* [Task objective]: An exact copy of the data below is needed; please leave out any pictures.

Phrase grounding data
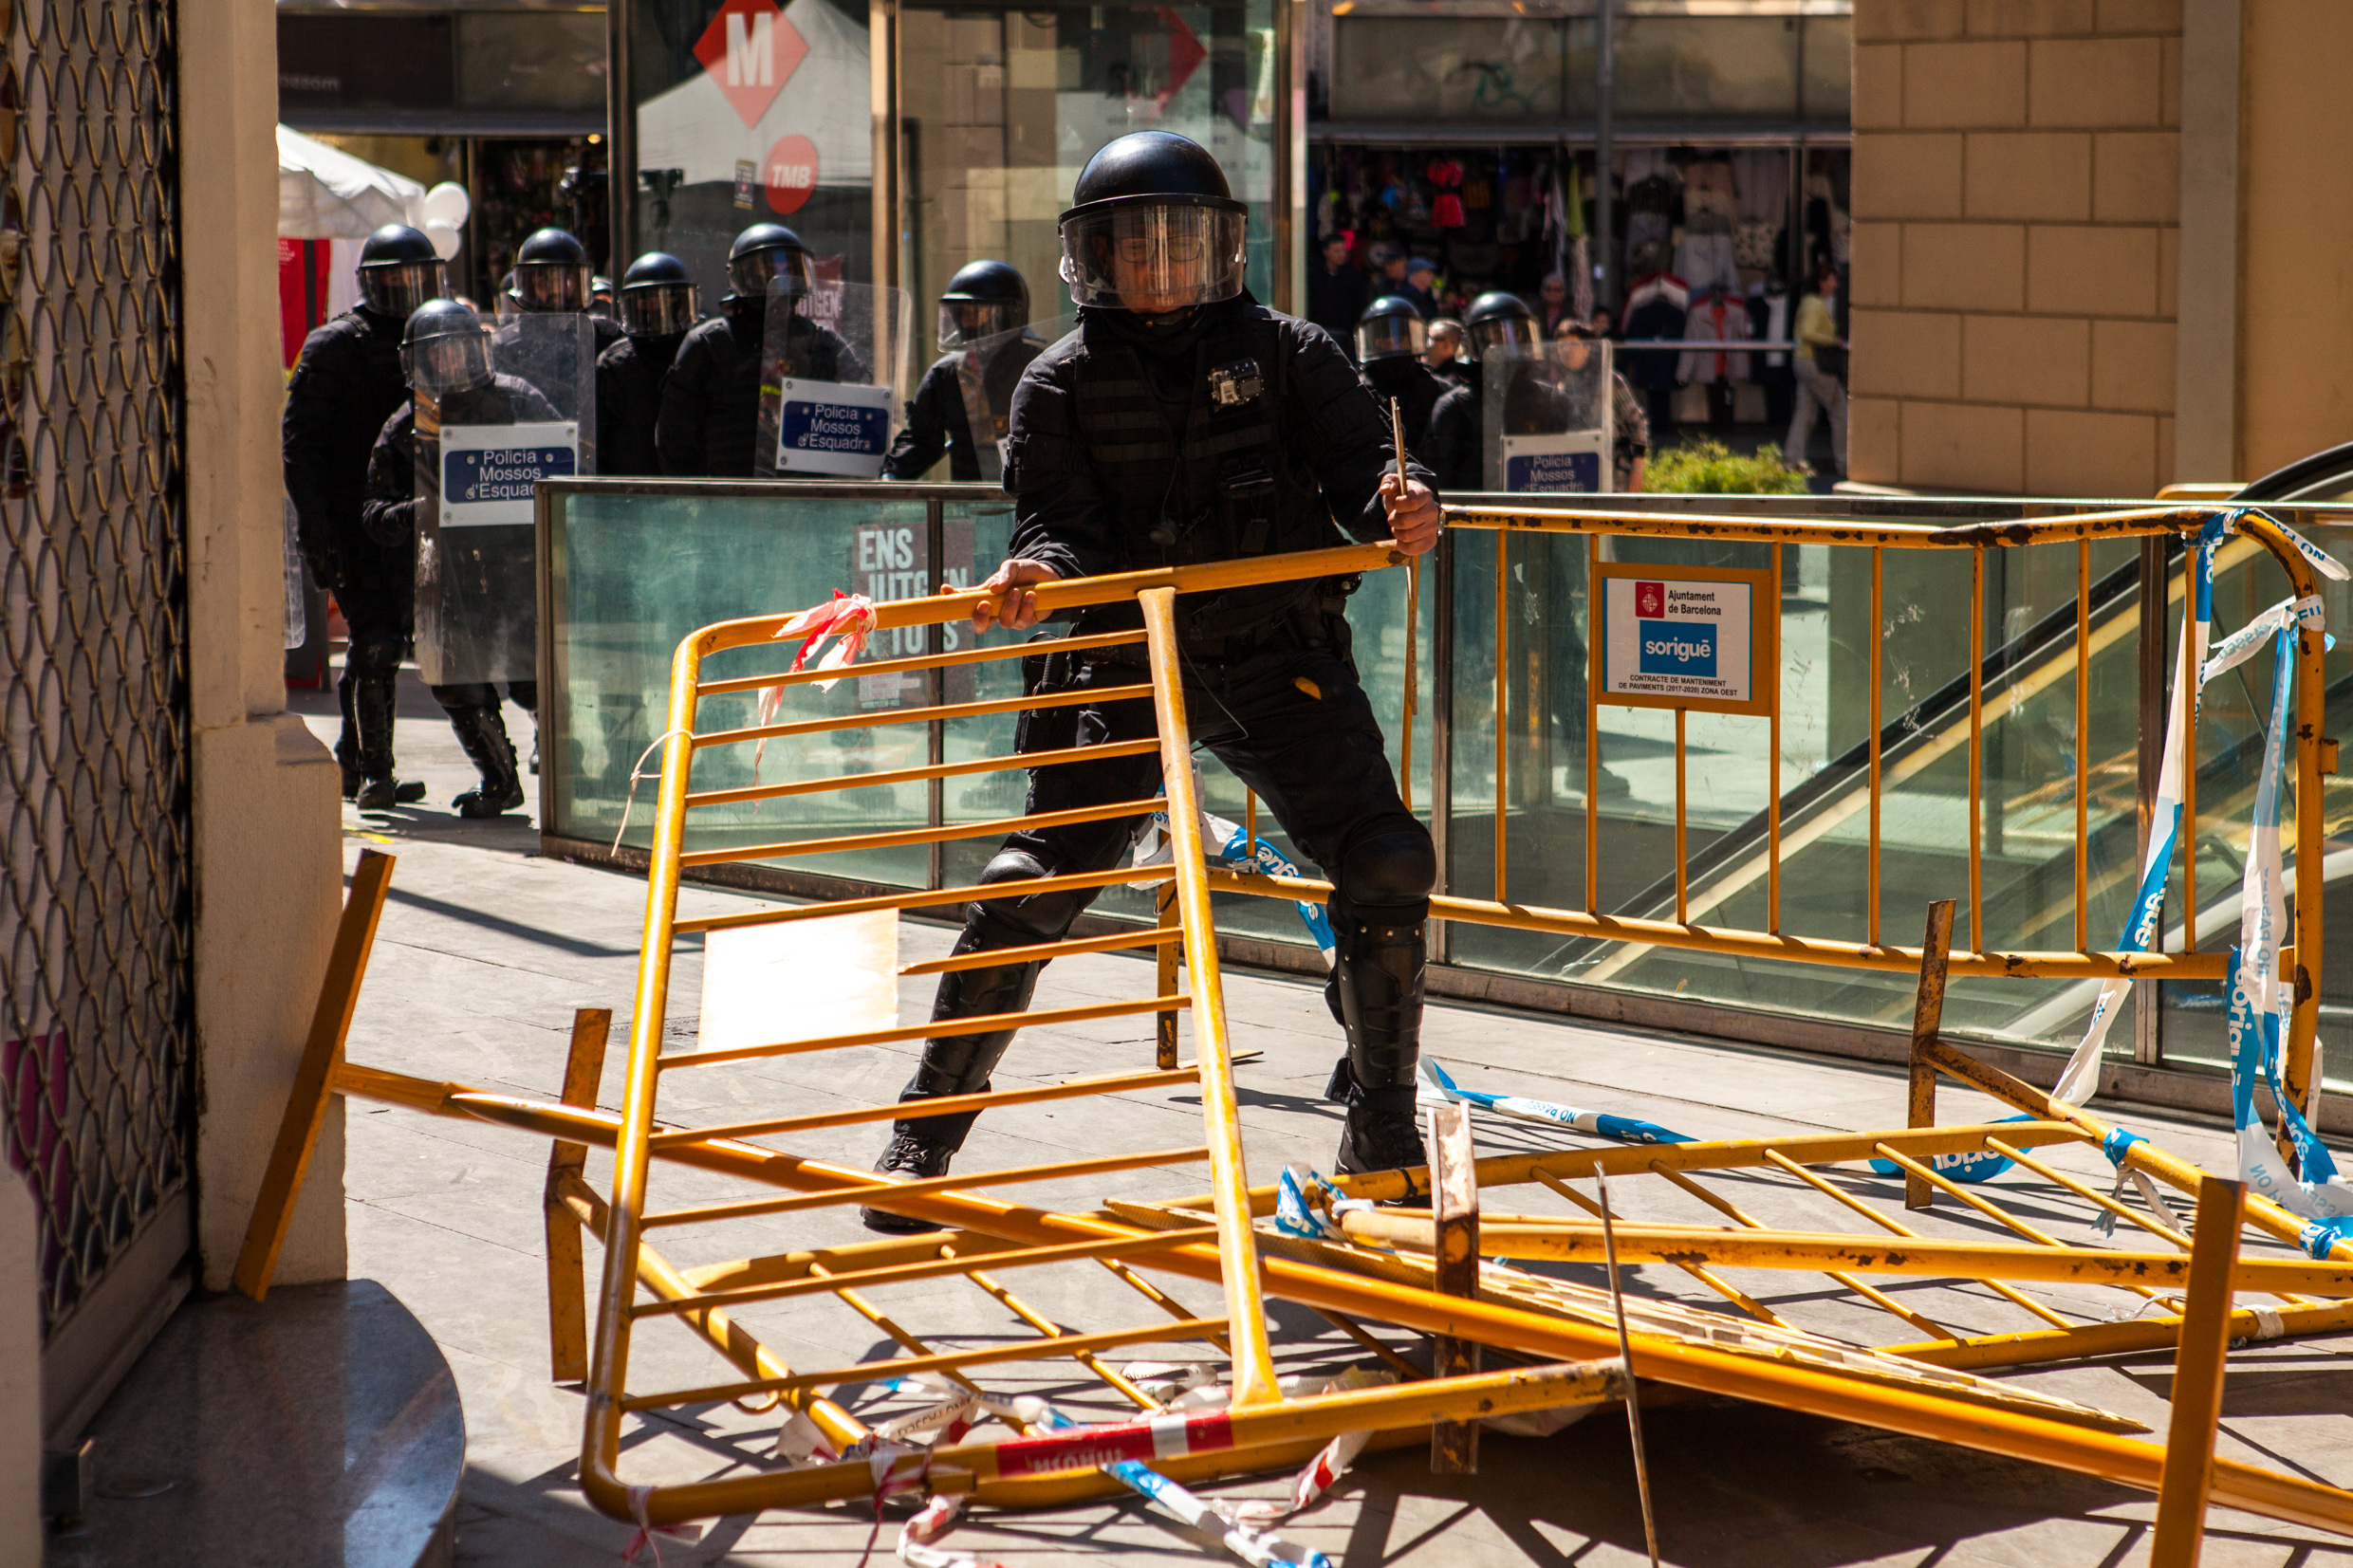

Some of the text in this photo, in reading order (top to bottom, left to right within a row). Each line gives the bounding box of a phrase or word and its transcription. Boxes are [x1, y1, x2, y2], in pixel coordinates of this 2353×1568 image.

[725, 11, 773, 87] M
[771, 165, 811, 189] TMB
[815, 404, 859, 420] Policia
[810, 418, 861, 435] Mossos
[798, 433, 871, 452] d'Esquadra
[483, 449, 537, 466] Policia
[1533, 455, 1572, 469] Policia
[479, 466, 542, 482] Mossos
[1529, 469, 1575, 482] Mossos
[859, 527, 914, 571] ENS
[1668, 589, 1715, 602] Ajuntament
[1668, 603, 1722, 616] de Barcelona
[1629, 674, 1669, 683] CONTRACTE
[1680, 677, 1727, 687] MANTENIMENT
[1628, 683, 1665, 692] PAVIMENTS
[1665, 685, 1700, 694] (2017-2020)
[1700, 687, 1719, 695] ZONA
[1560, 1109, 1577, 1125] NO
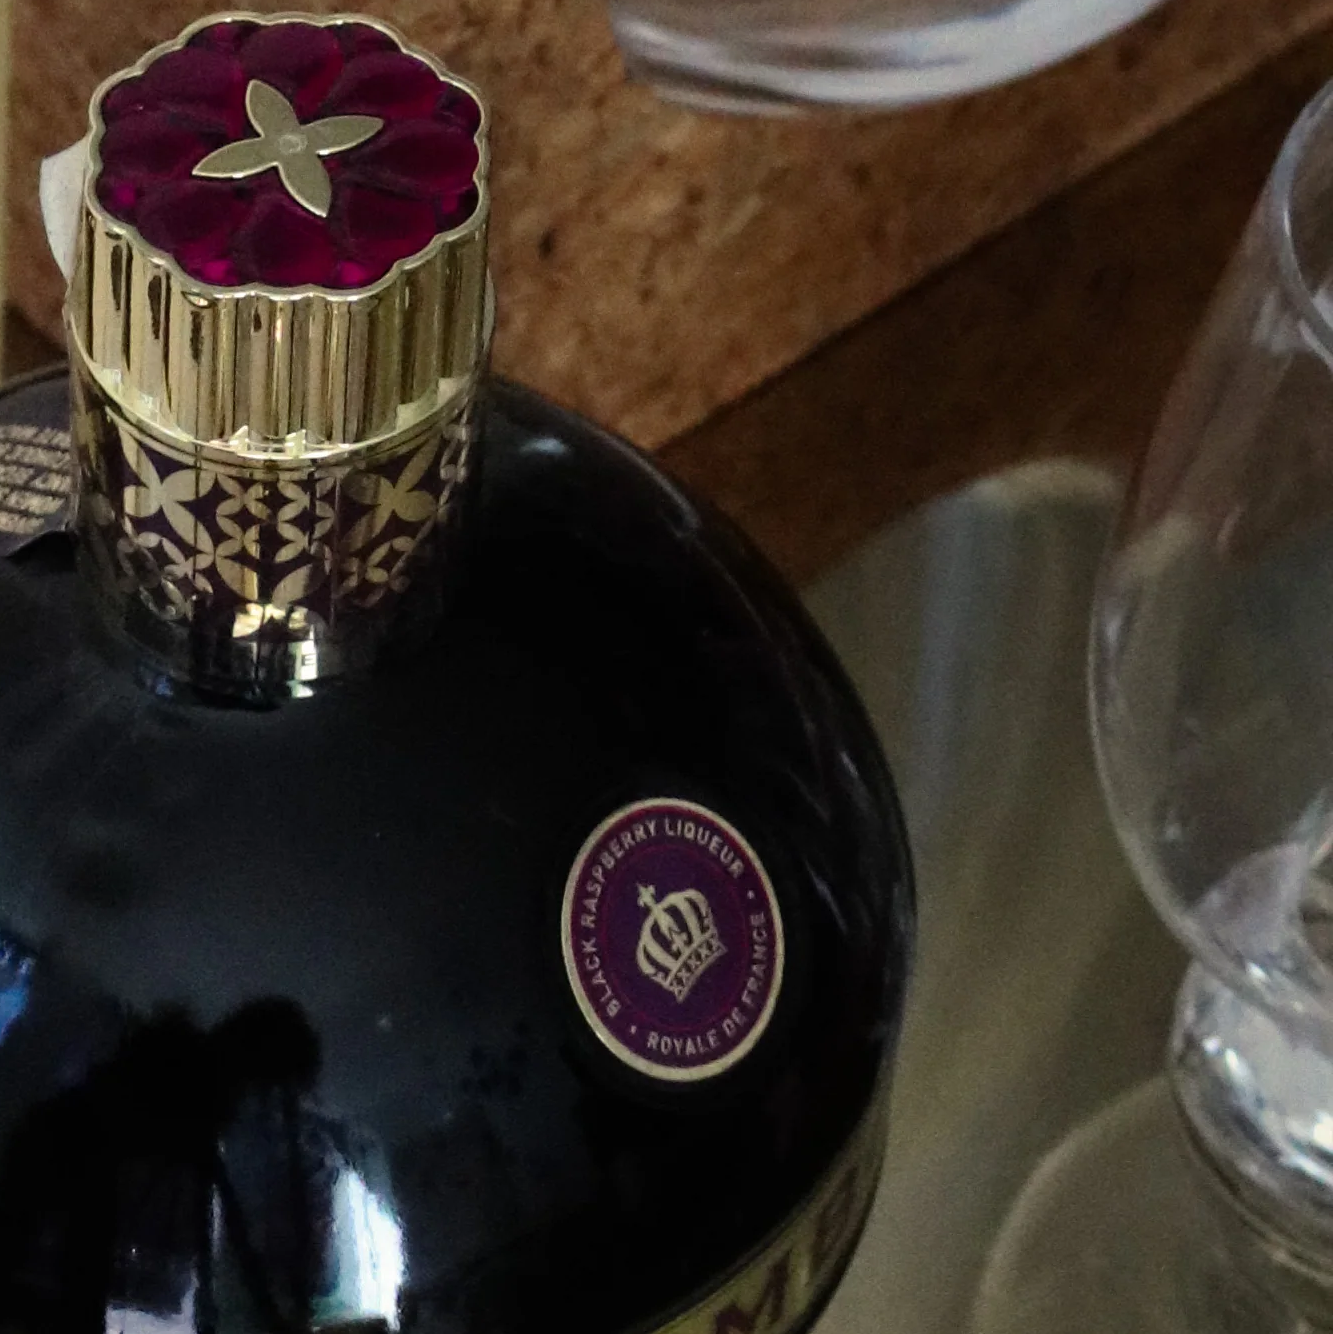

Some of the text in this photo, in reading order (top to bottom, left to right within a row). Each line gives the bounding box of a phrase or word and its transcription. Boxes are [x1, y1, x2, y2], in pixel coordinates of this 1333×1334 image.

[581, 816, 745, 1017] BLACK RASPBERRY LIQUEUR
[646, 910, 766, 1057] ROYALE DE FRANCE

* [Solved exercise]:
Some of the text in this photo, in reading order (top to bottom, left to right within a row). Each line gives the bounding box of a phrase or word and its transcription. Boxes are [x1, y1, x2, y2], in pixel coordinates of this 2353×1568 image.

[725, 11, 773, 87] M
[771, 165, 811, 189] TMB
[815, 404, 859, 420] Policia
[810, 418, 861, 435] Mossos
[798, 433, 871, 452] d'Esquadra
[483, 449, 537, 466] Policia
[1533, 455, 1572, 469] Policia
[479, 466, 542, 482] Mossos
[1529, 469, 1575, 482] Mossos
[859, 527, 914, 571] ENS
[1668, 589, 1715, 602] Ajuntament
[1668, 603, 1722, 616] de Barcelona
[1629, 674, 1669, 683] CONTRACTE
[1680, 677, 1727, 687] MANTENIMENT
[1628, 683, 1665, 692] PAVIMENTS
[1665, 685, 1700, 694] (2017-2020)
[1700, 687, 1719, 695] ZONA
[1560, 1109, 1577, 1125] NO

Some of the text in this photo, in reading order (top to bottom, left to right within a row). Each line gives the bounding box of a phrase or word and its transcription. Boxes are [x1, y1, x2, y2], in pixel coordinates of this 1333×1334 image.

[581, 816, 745, 1017] BLACK RASPBERRY LIQUEUR
[646, 910, 766, 1057] ROYALE DE FRANCE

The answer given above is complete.